In T341553#10263470, @Urbanecm_WMF wrote:

at the very least, --help should have that link.

Good suggestion, will do.

An alternative could be to explicitly ask the user whether they want the job to stop by a [y/N] prompt. That way, intentional termination can be done by doing a Ctrl+C; Y, while preserving the container when the wrapper terminates out of luck.

Interesting! I'm trying to balance the explicitness of that (which is good) against the fact that it sort of violates expectations -- if I hit ctrl-C, I really expect the program to die, not ask me more questions. Let's try the middle-ground approach of printing the delete command along with the logs command, and see if that works well enough.
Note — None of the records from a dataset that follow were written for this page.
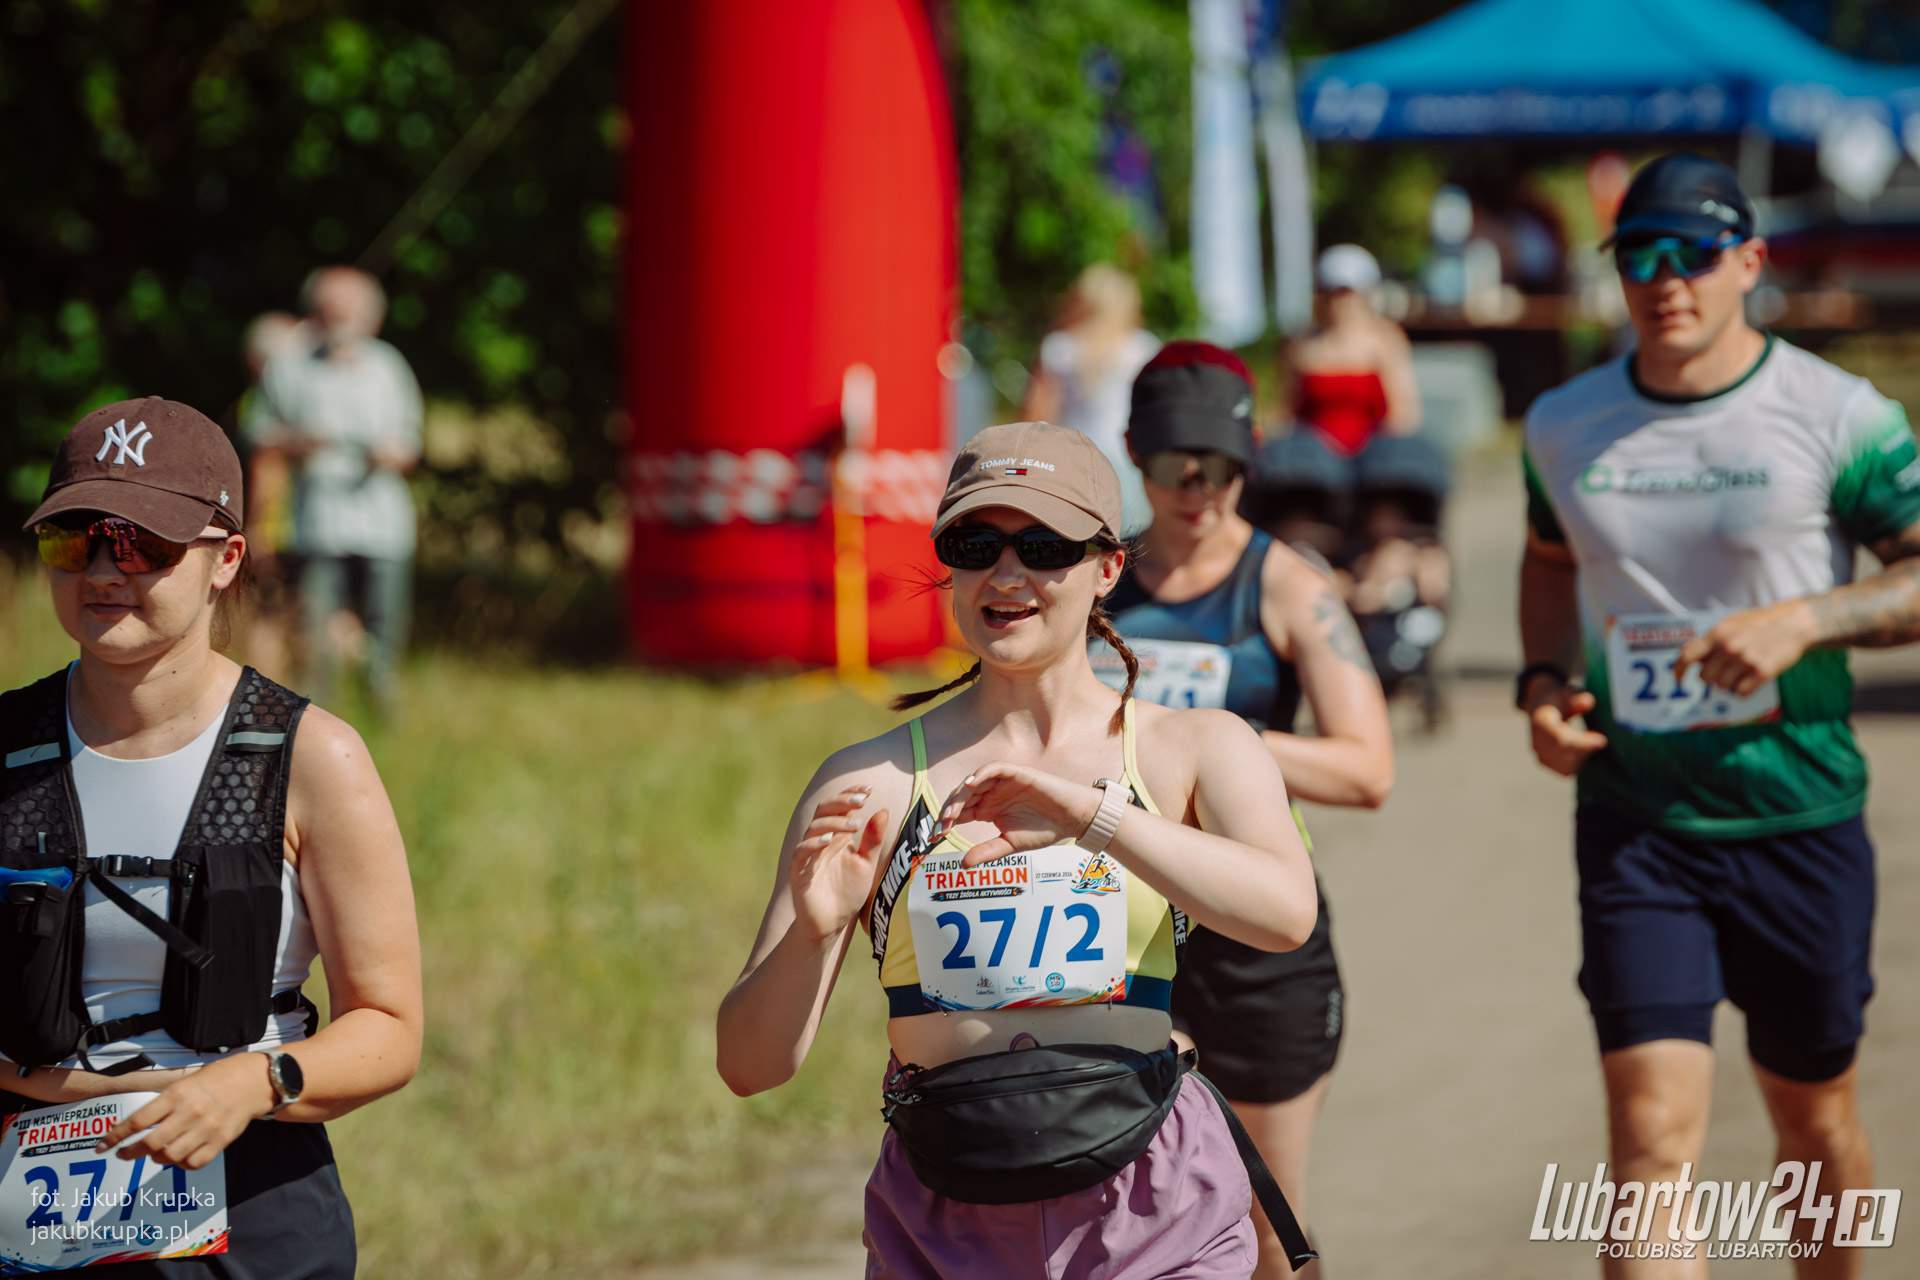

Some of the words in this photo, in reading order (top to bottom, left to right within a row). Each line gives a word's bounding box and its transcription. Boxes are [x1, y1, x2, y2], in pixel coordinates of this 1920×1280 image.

[95, 418, 153, 467] NY
[980, 457, 1017, 470] TOMMY
[1020, 458, 1055, 471] JEANS
[881, 840, 912, 906] NIKE
[925, 861, 937, 873] III
[925, 867, 1028, 890] TRIATHLON
[945, 892, 959, 900] TRZY
[935, 902, 1104, 970] 27/2
[33, 1103, 117, 1126] NADWIEPRZAŃSKI
[24, 1158, 197, 1229] 27/1
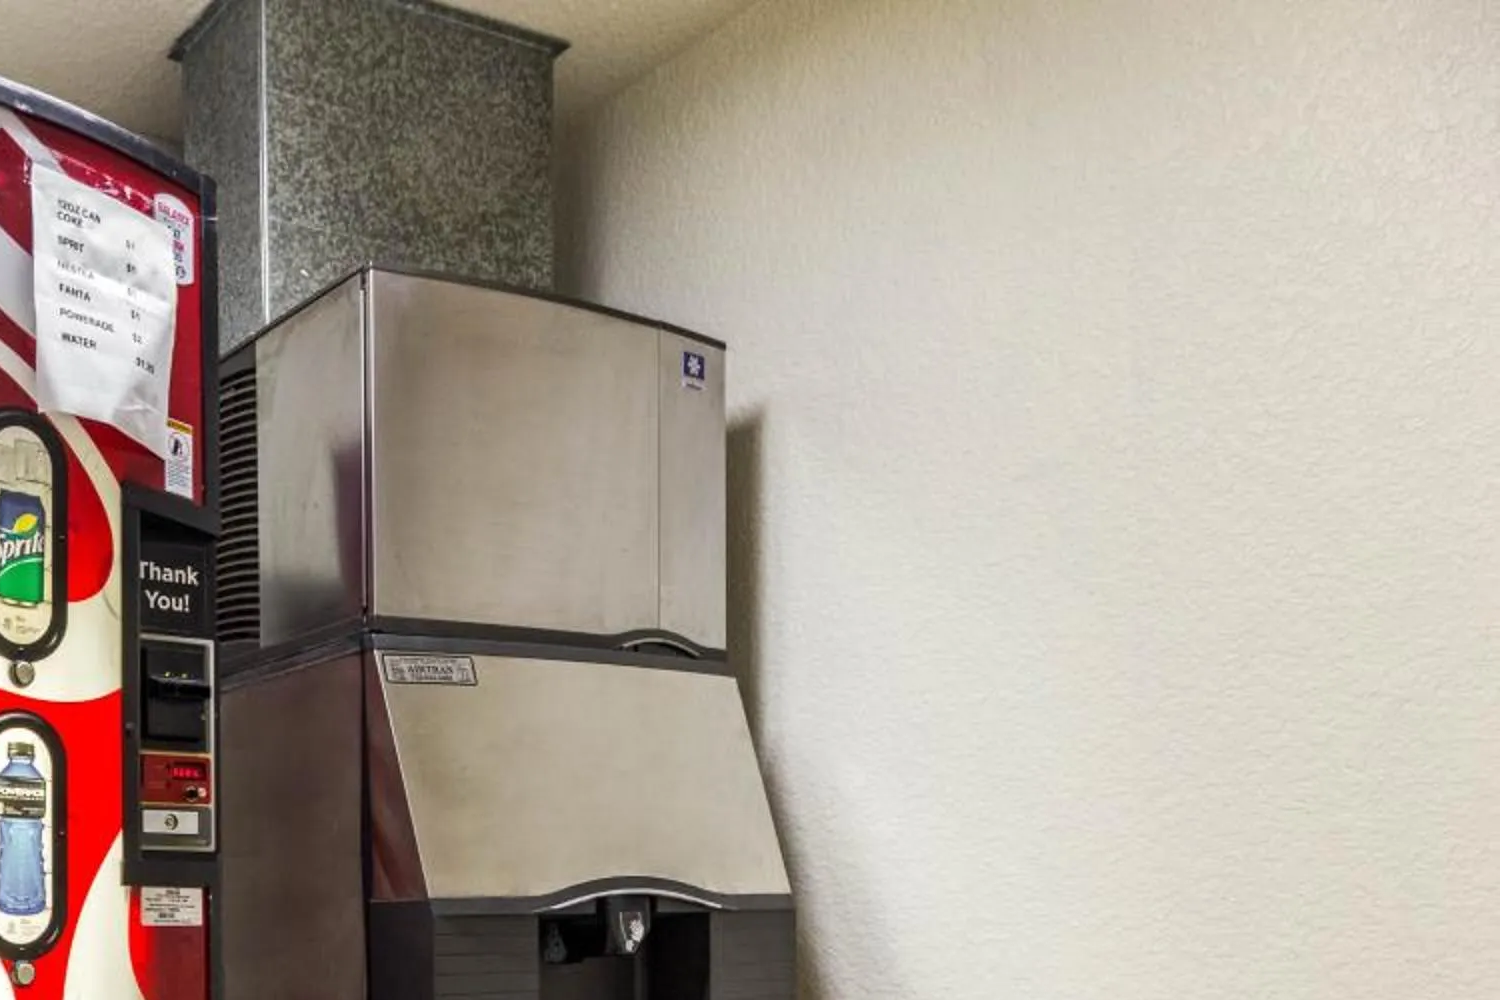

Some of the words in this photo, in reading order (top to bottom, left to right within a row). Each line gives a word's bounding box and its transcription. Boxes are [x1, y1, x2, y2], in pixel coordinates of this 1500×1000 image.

[59, 282, 92, 303] FANTA
[139, 561, 199, 586] Thank
[144, 589, 189, 613] You!
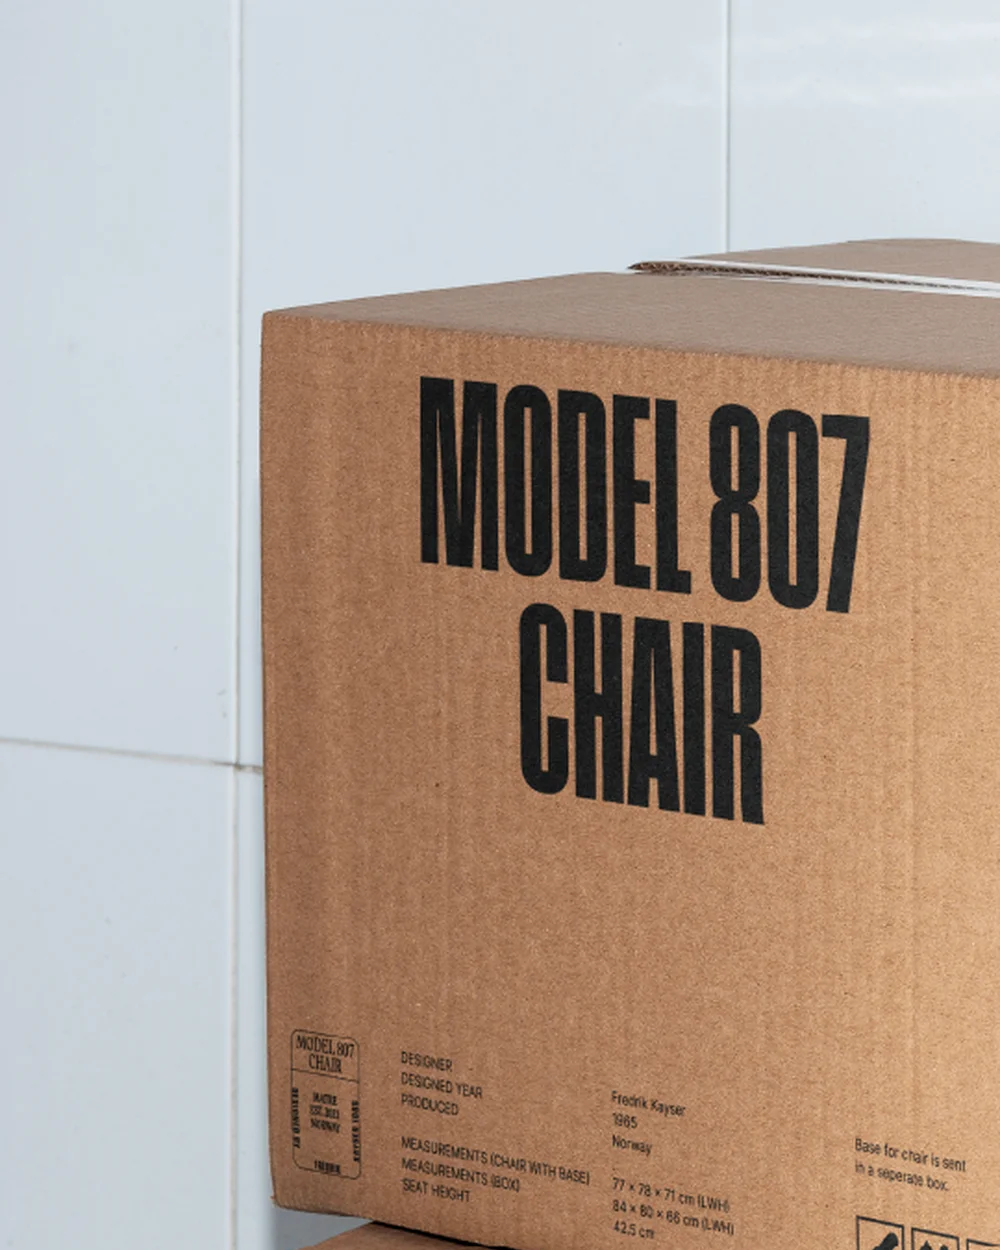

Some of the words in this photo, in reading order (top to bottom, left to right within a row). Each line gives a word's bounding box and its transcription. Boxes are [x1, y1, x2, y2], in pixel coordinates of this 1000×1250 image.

[420, 376, 692, 594] MODEL
[708, 403, 871, 614] 807
[519, 603, 766, 826] CHAIR
[295, 1035, 335, 1055] MODEL
[336, 1040, 355, 1058] 807
[308, 1053, 343, 1074] CHAIR
[401, 1050, 453, 1072] DESIGNER
[401, 1071, 453, 1094] DESIGNED
[455, 1082, 483, 1099] YEAR
[401, 1093, 459, 1116] PRODUCED
[611, 1090, 648, 1110] Fredrik
[650, 1099, 686, 1118] Kayser
[611, 1112, 638, 1129] 1965
[611, 1134, 653, 1157] Norway
[855, 1138, 881, 1155] Base
[884, 1143, 900, 1159] for
[901, 1148, 928, 1165] chair
[931, 1153, 940, 1168] is
[942, 1157, 967, 1173] sent
[401, 1136, 488, 1165] MEASUREMENTS
[490, 1151, 527, 1174] (CHAIR
[528, 1160, 557, 1178] WITH
[558, 1166, 591, 1187] BASE)
[401, 1157, 489, 1187] MEASUREMENTS
[490, 1173, 521, 1194] (BOX)
[402, 1177, 429, 1195] SEAT
[431, 1184, 471, 1203] HEIGHT
[855, 1160, 865, 1174] in
[868, 1165, 874, 1177] a
[927, 1175, 950, 1192] box.
[612, 1177, 625, 1191] 77
[638, 1183, 652, 1197] 78
[664, 1188, 676, 1200] 71
[677, 1193, 695, 1206] cm
[696, 1194, 730, 1214] (LWH)
[612, 1199, 627, 1213] 84
[639, 1204, 654, 1219] 80
[665, 1210, 681, 1225] 66
[682, 1216, 700, 1229] cm
[701, 1217, 735, 1236] (LWH)
[638, 1227, 655, 1240] cm
This is an instance of a more general problem of "user needs to be aware job is running independently on the wrapper". There are other situations that might happen – for example, what if someone suspends the wrapper via SIGSTOP or something, expecting the job to pause itself? Is that something the new system is taking into account somehow?

I think this is the right big-picture statement of the problem. The fact is, we've moved to Kubernetes. Your script is now running in a container on a whole other computer than the one you're logged into, maybe in another data center -- things really are different now! That has upsides, like being more reliable, and downsides, like being more complicated.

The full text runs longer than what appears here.